The Critical Role Registries Play In Rare Diseases
Don Gabriel, MD, Ph.D. Sr. Director, Medical Oncology and Scientific Strategy, UBC and Colleen Valenzuela, MS Project Director, Clinical Operations, UBC
Rare diseases with single gene mutations are now showing great potential for treatment and, in some cases, even the potential for a cure. Certain cancers are also being treated using these techniques. New products are rapidly being introduced to the marketplace, and the number of early stage assets are expanding rapidly. Several different treatment approaches are used, but all strategies aim to target the correction of a mutated or missing gene.

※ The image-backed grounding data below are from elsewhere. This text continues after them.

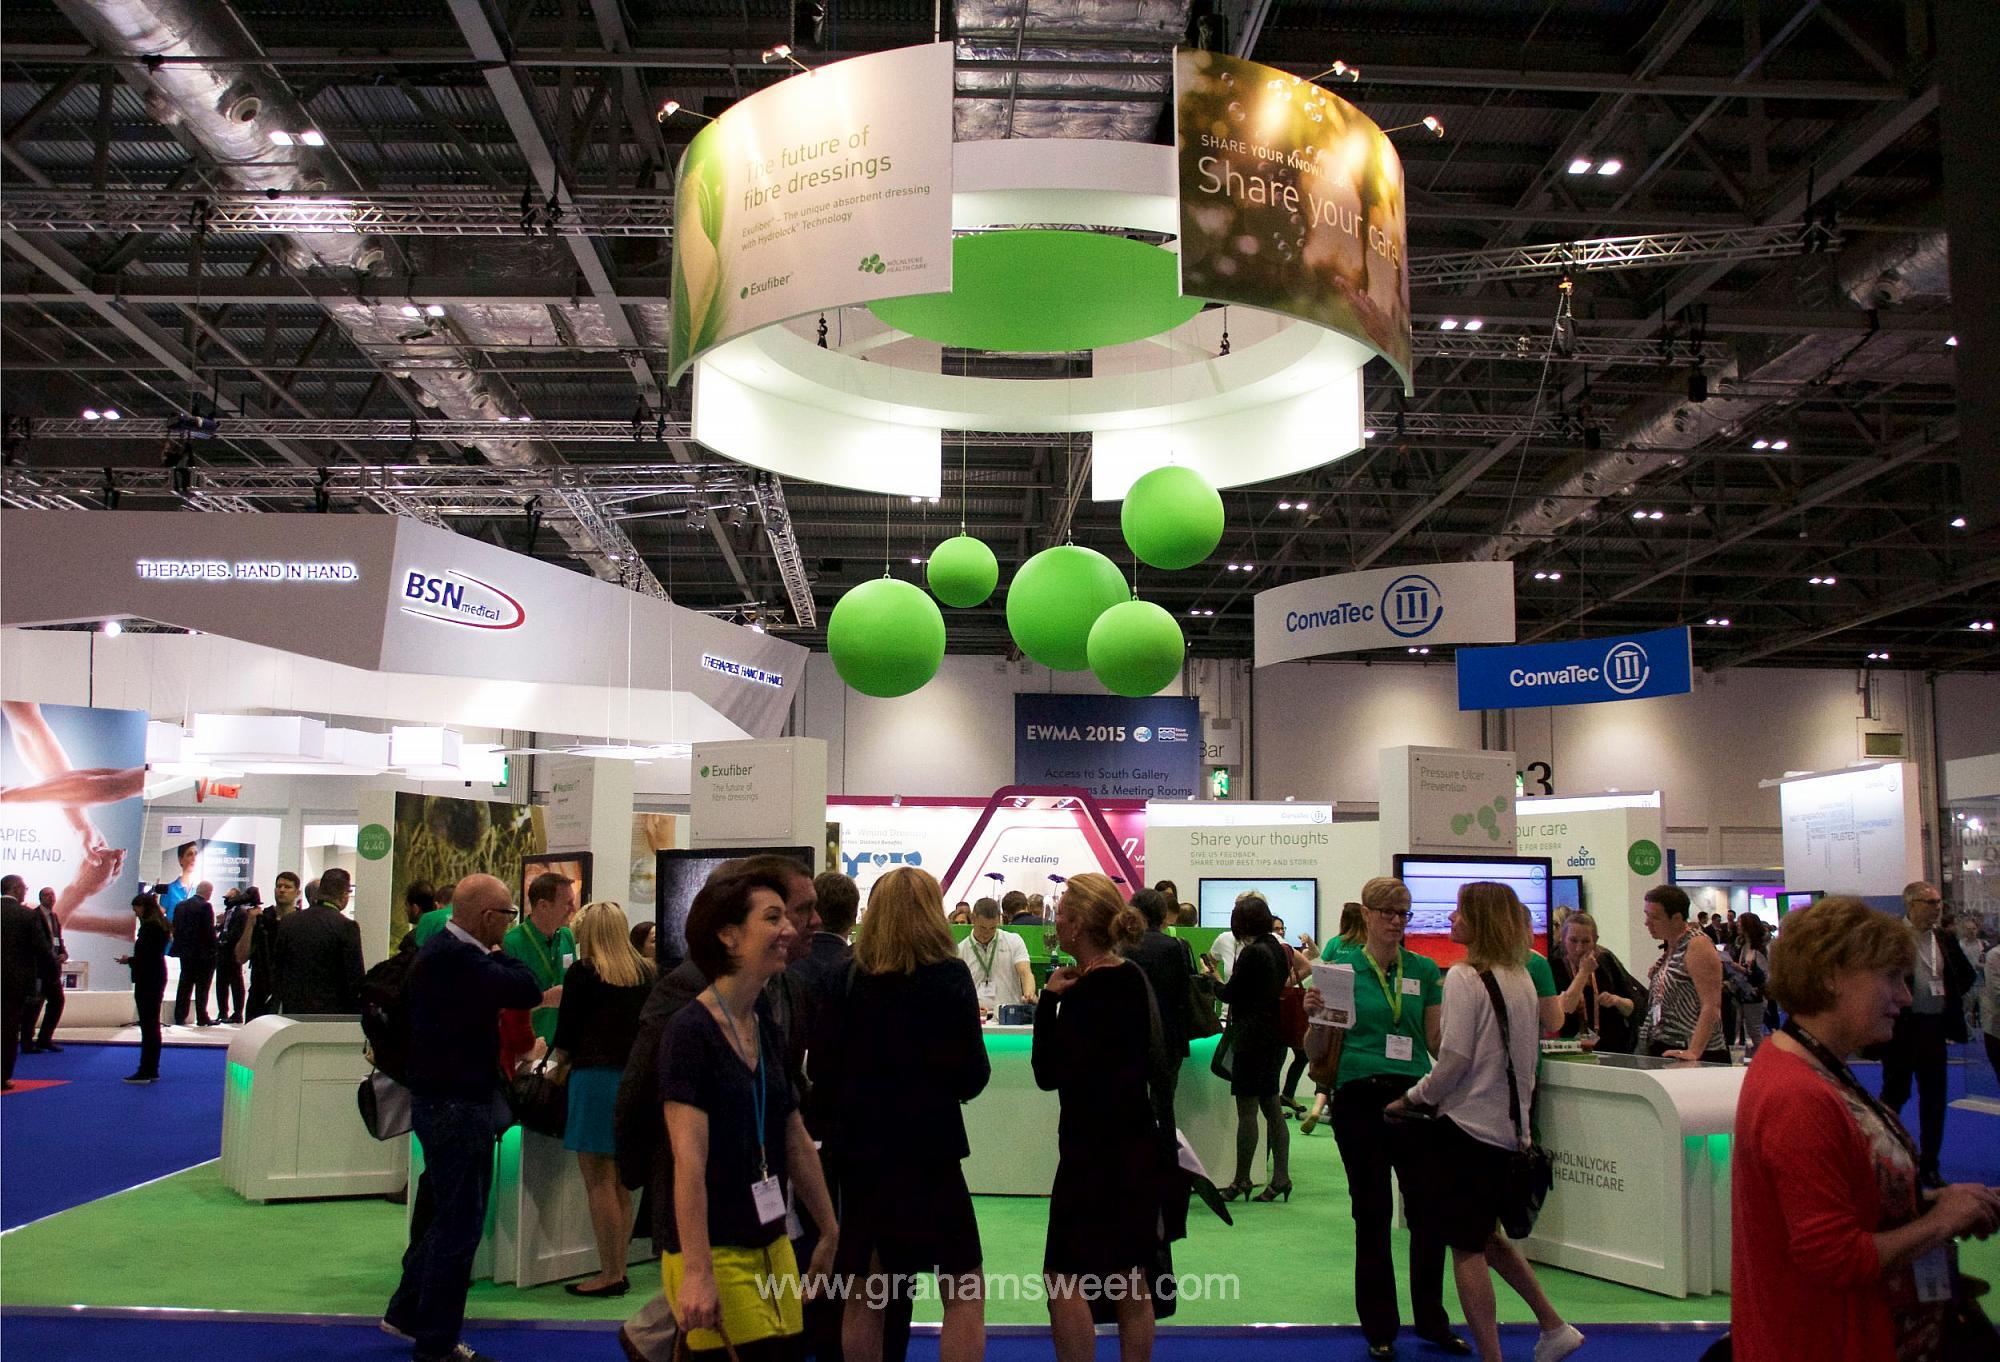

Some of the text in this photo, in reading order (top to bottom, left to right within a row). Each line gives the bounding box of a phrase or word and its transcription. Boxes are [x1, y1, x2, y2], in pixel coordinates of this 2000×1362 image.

[780, 136, 841, 171] future
[848, 125, 872, 152] of
[1201, 134, 1247, 154] SHARE
[1251, 144, 1283, 164] YOUR
[743, 154, 893, 212] fibre dressings
[784, 210, 800, 223] The
[801, 203, 831, 218] unique
[833, 190, 882, 209] absorbent
[885, 185, 931, 200] dressing
[1198, 156, 1400, 270] Share your care
[802, 212, 853, 230] Technology
[137, 563, 358, 579] THERAPIES. HAND IN HAND.
[405, 572, 465, 610] BSN
[460, 603, 501, 620] medical
[1286, 602, 1375, 633] ConvaTec
[1509, 664, 1600, 687] ConvaTec
[1026, 725, 1126, 742] EWMA 2015
[1044, 768, 1169, 782] Access to South Gallery
[1420, 766, 1460, 779] Pressure
[1527, 761, 1554, 795] 3
[1101, 787, 1109, 796] &
[1112, 786, 1154, 798] Meeting
[1158, 787, 1193, 796] Rooms
[1420, 780, 1468, 792] Prevention
[1540, 823, 1568, 836] care
[1190, 831, 1329, 849] Share your thoughts
[3, 847, 66, 862] IN HAND.
[1002, 855, 1060, 865] See Healing
[1567, 856, 1596, 867] debra
[1554, 1167, 1625, 1192] HEALTH CARE
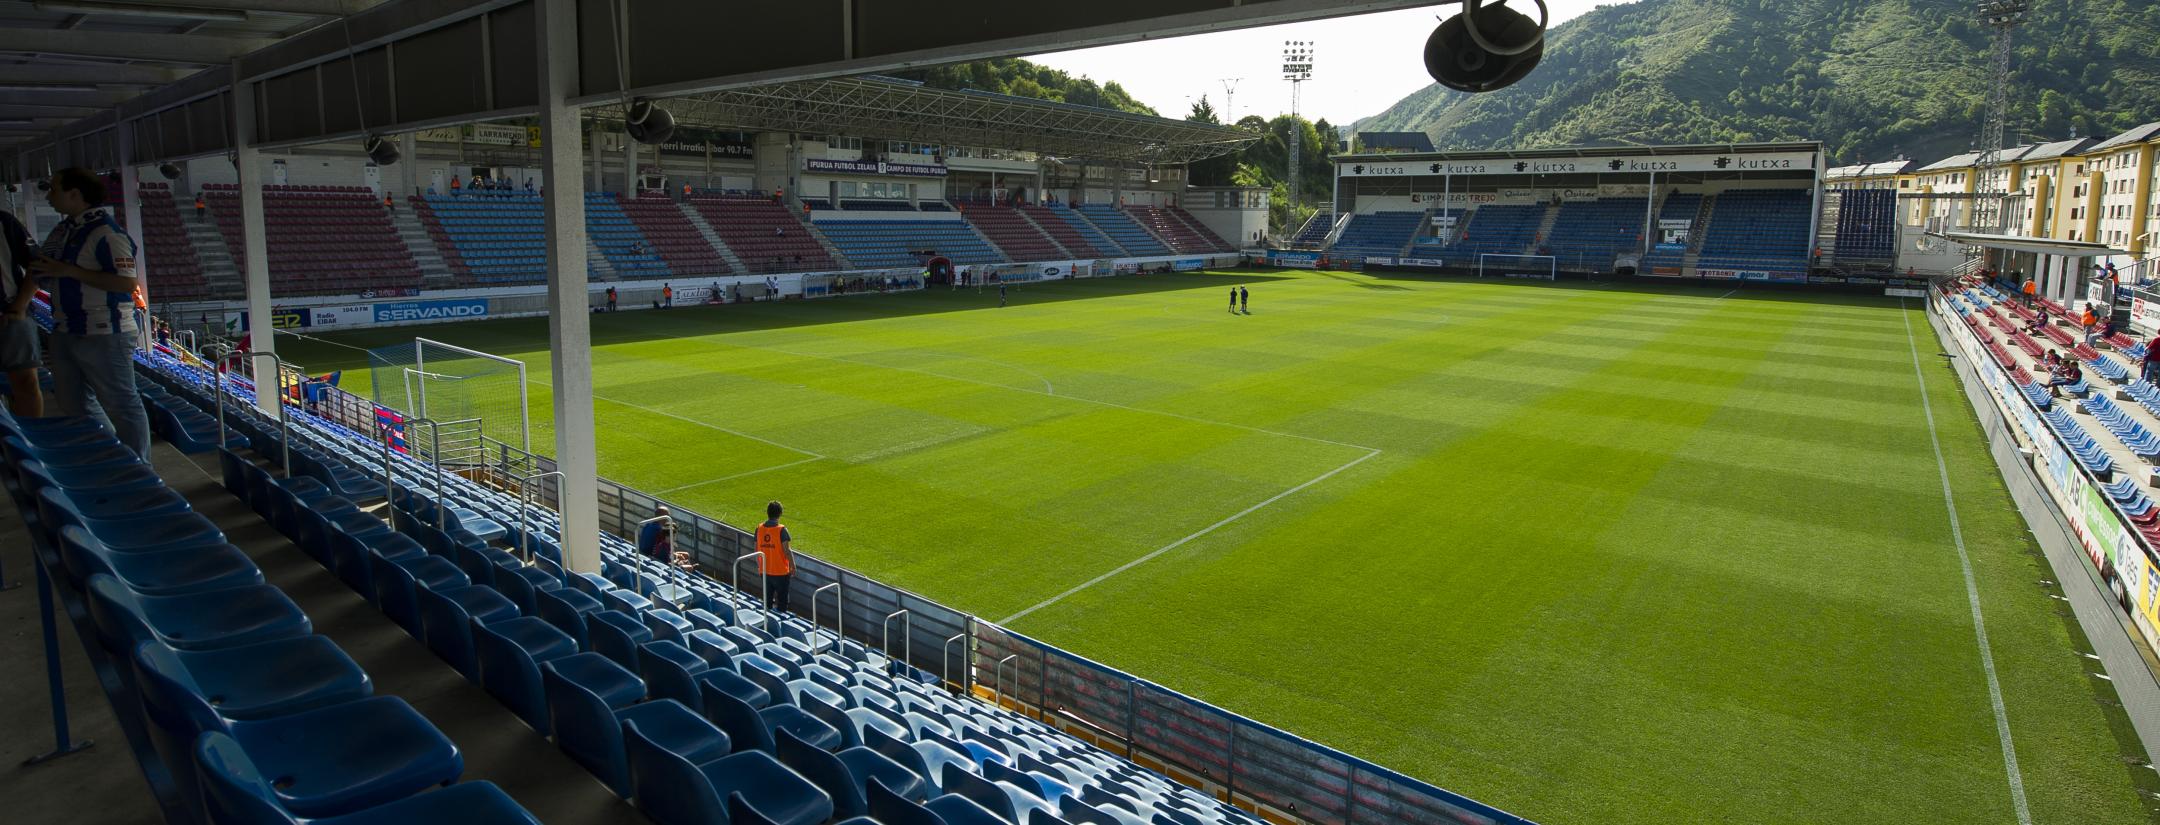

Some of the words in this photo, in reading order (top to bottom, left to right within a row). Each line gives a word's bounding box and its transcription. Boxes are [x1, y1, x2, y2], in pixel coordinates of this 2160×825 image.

[810, 161, 833, 169] IPURUA
[834, 162, 856, 170] FUTBOL
[1533, 161, 1575, 172] kutxa
[1630, 159, 1678, 170] kutxa
[1738, 156, 1791, 168] kutxa
[886, 165, 905, 173] CAMPO
[912, 166, 929, 174] FUTBOL
[1369, 165, 1404, 175] kutxa
[1447, 163, 1486, 173] kutxa
[1422, 193, 1466, 201] LIMPIZAS
[1469, 194, 1496, 202] TREJO
[378, 304, 485, 321] SERVANDO
[272, 313, 302, 329] ER
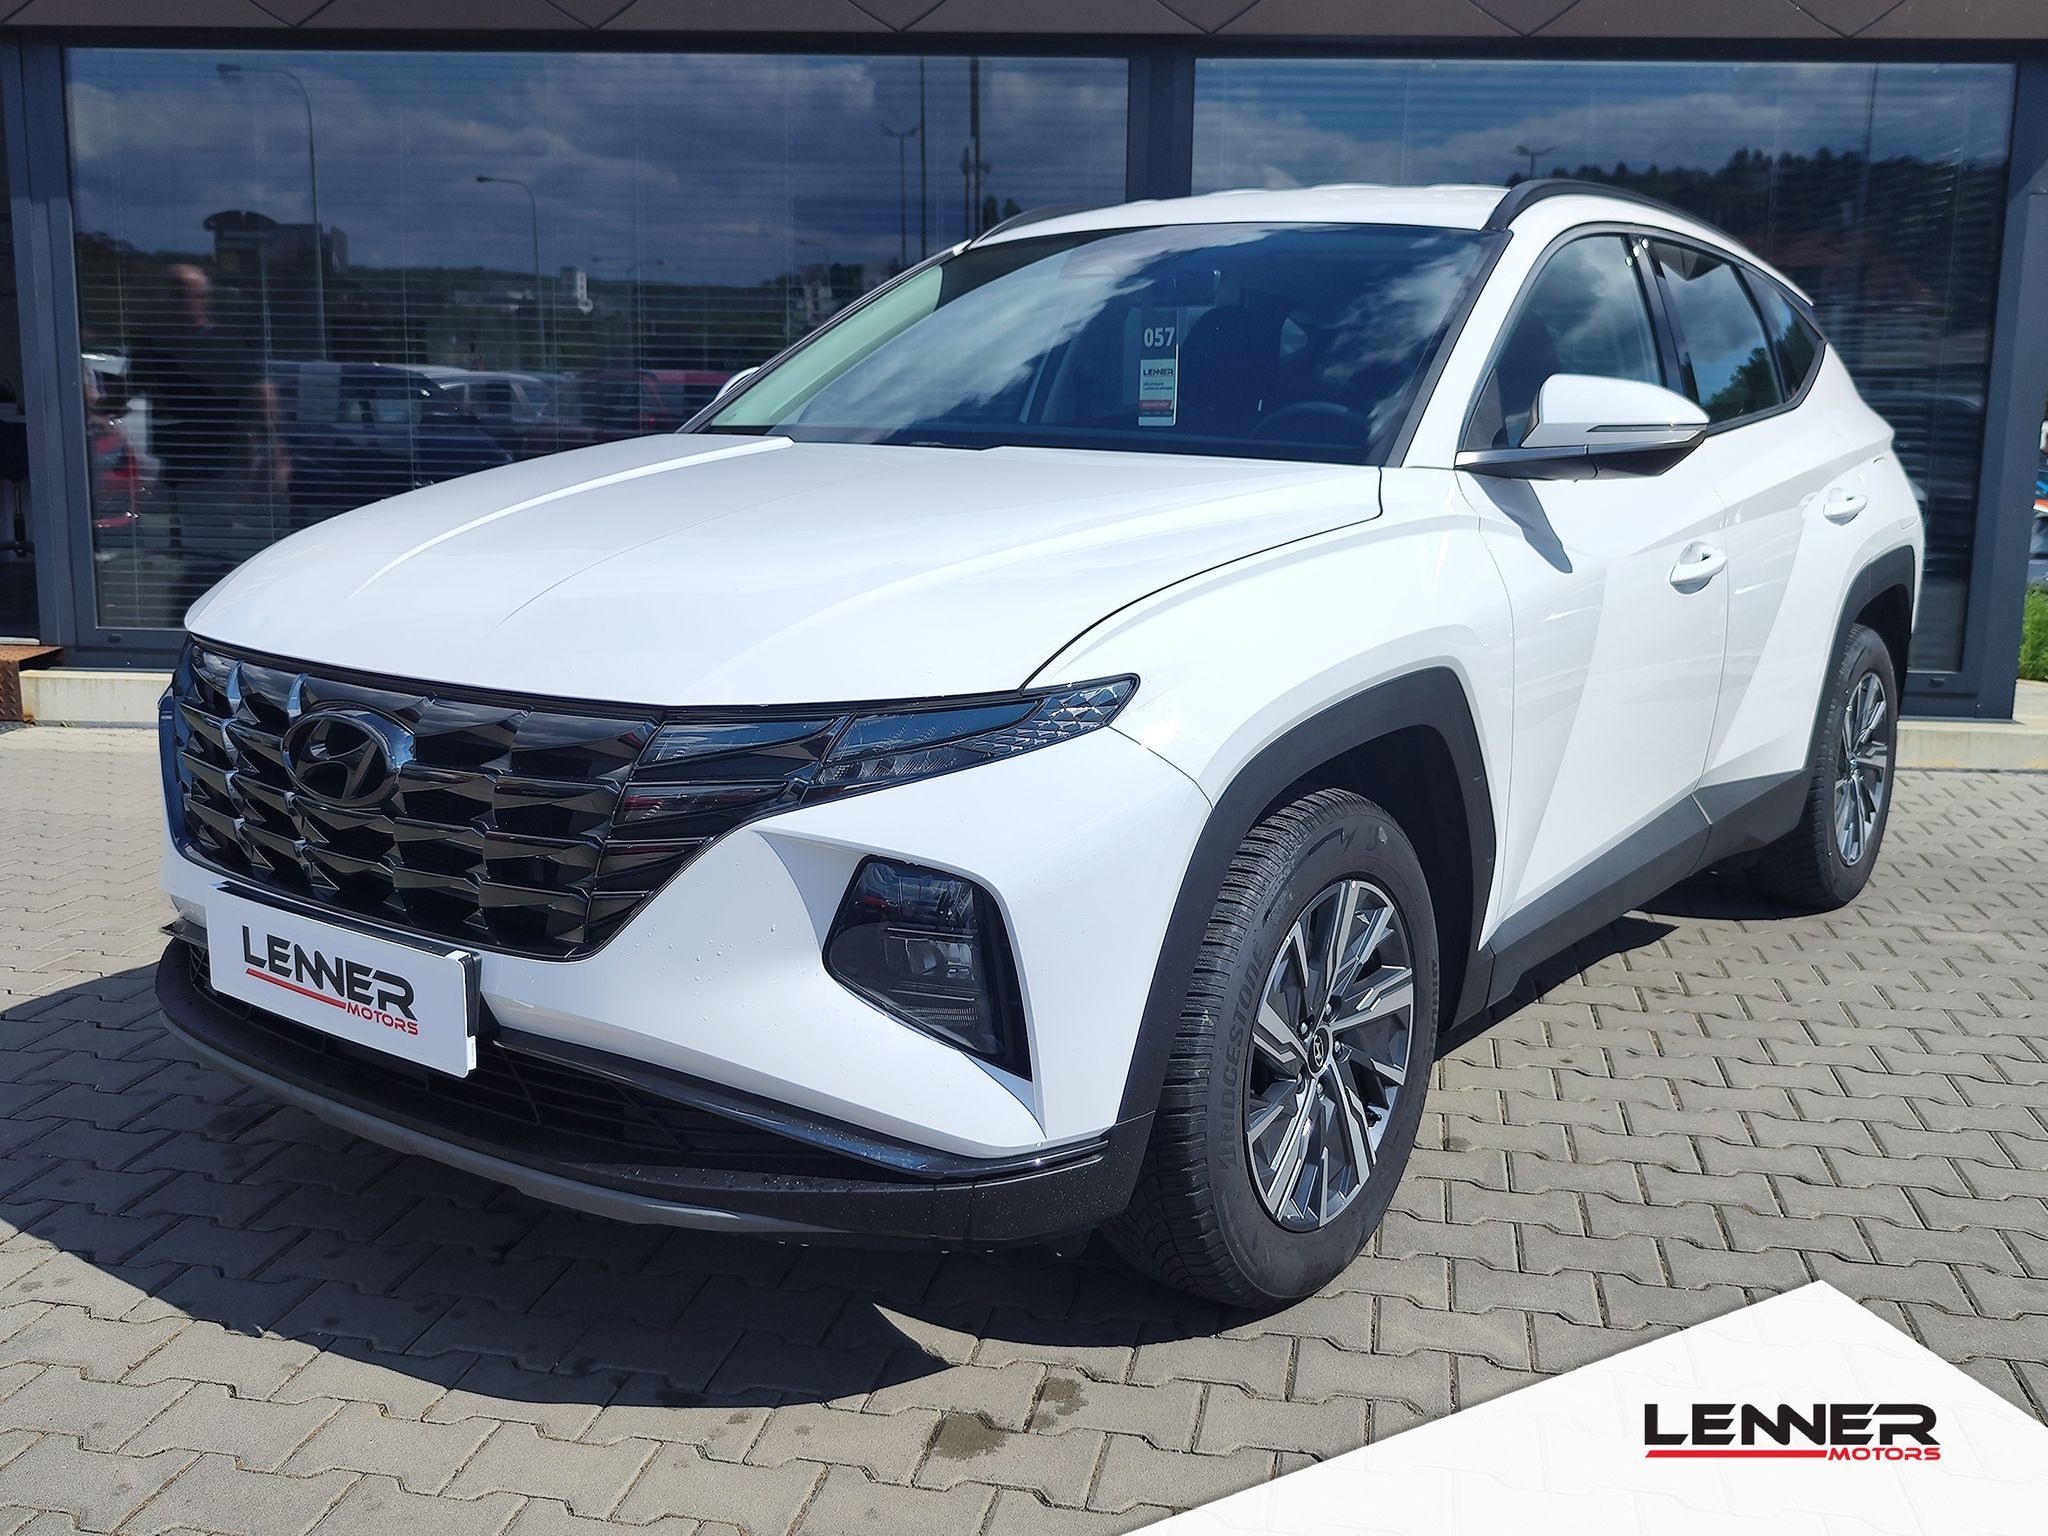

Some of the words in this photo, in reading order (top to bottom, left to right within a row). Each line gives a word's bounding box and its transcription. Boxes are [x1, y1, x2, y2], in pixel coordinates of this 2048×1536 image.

[1143, 327, 1175, 348] 057
[1142, 368, 1174, 376] LENNER
[241, 924, 418, 1021] LENNER
[346, 1000, 420, 1037] MOTORS
[1216, 942, 1267, 1170] BRIDGESTONE

A well-established strategy employs a genetically engineered virus that is directly infused into the patient. The virus targets and infects a specific tissue where its genetic cargo is released and incorporated into the targeted tissue. A variety of different viruses have been used, such as adenovirus, adeno associated virus, lentivirus, and Maloney leukemia virus. Rare diseases currently being treated include Hemophilia, Duchenne Muscular Dystrophy, Pompe Disease, Fabry disease, thalassemia, and adenosine deaminase severe combined immunodeficiency (ADA SCID). Areas that are still under exploration with viral mediated therapies include accurate tissue targeting and duration of effect – often leading to pre- and post-marketing safety assessments and regulatory required commitments as they launch and commercialize into the real-world use in the market.

Availability of manufacturing facilities, costs, regulatory guidelines, timely availability of the product, and proven efficacy are common considerations to both of the aforementioned methods. Importantly, based on current regulatory guidance, “Long Term Follow-up After Administration of Human Gene Therapy Products” (U.S. Food and Drug Administration, 2018), all patients will require long-term safety monitoring through establishment of registries.

Data collected through registries play a critical role in defining disease modifying gene therapies and redefine the progression and treatment of natural diseases. It is critical to follow the evolution of rare diseases and measure the impact therapies have on patients, caregivers, and the overall healthcare system. In order to obtain and assess these long- term safety and effectiveness data, impact from patients receiving both standard, conventional drug therapies, and new emerging therapies needs to be collected and analyzed.
There are expected challenges with global disease registries. Registries normally collect data following a patient’s “standard of care.” There are no additional requirements beyond the standard of care, and each patient enrolled in a long-term global registry is followed by their participating physician, with no additional burden and no additional testing.
In many countries outside of the US, the registry must be designed as a strictly observational study. This may limit the type of data collected, as well as the continuity of assessments for developmental and functional milestones, especially for the more severely affected patients.
Overall, a well-designed registry will follow patients with a rare disease tailored to the assessment. The safety and effectiveness of new and evolving treatments can transform the future care of patients at varying stages of disease progression, and as importantly, analyze healthcare resource utilization and caregiver burden.